Each entry must be given again exactly as it appears, with images excluded.

-- Exercise inputs follows --

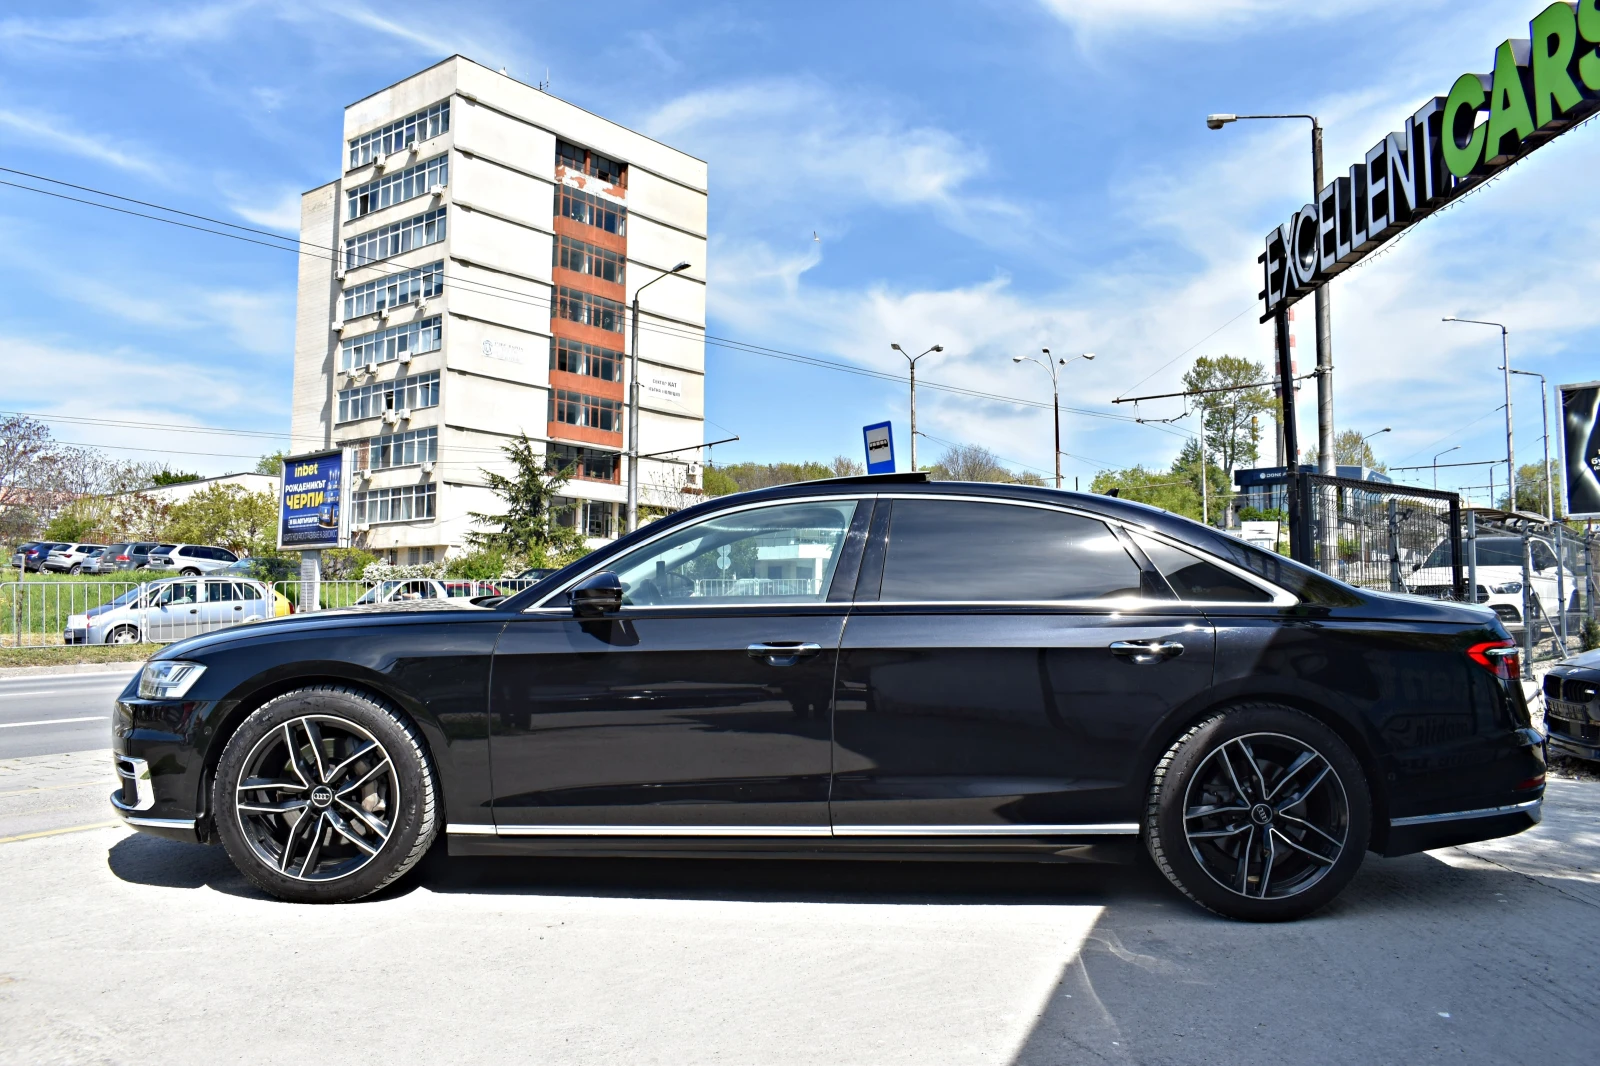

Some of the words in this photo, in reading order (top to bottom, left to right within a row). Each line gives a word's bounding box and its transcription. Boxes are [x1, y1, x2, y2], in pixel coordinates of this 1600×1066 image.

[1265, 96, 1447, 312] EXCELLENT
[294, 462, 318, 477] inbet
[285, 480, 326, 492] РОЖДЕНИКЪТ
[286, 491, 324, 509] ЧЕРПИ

-- Exercise inputs concluded --

Solution for this problem:
Some of the words in this photo, in reading order (top to bottom, left to right within a row). Each line gives a word's bounding box and its transcription. Boxes are [x1, y1, x2, y2], in pixel coordinates of this 1600×1066 image.

[1265, 96, 1447, 312] EXCELLENT
[294, 462, 318, 477] inbet
[285, 480, 326, 492] РОЖДЕНИКЪТ
[286, 491, 324, 509] ЧЕРПИ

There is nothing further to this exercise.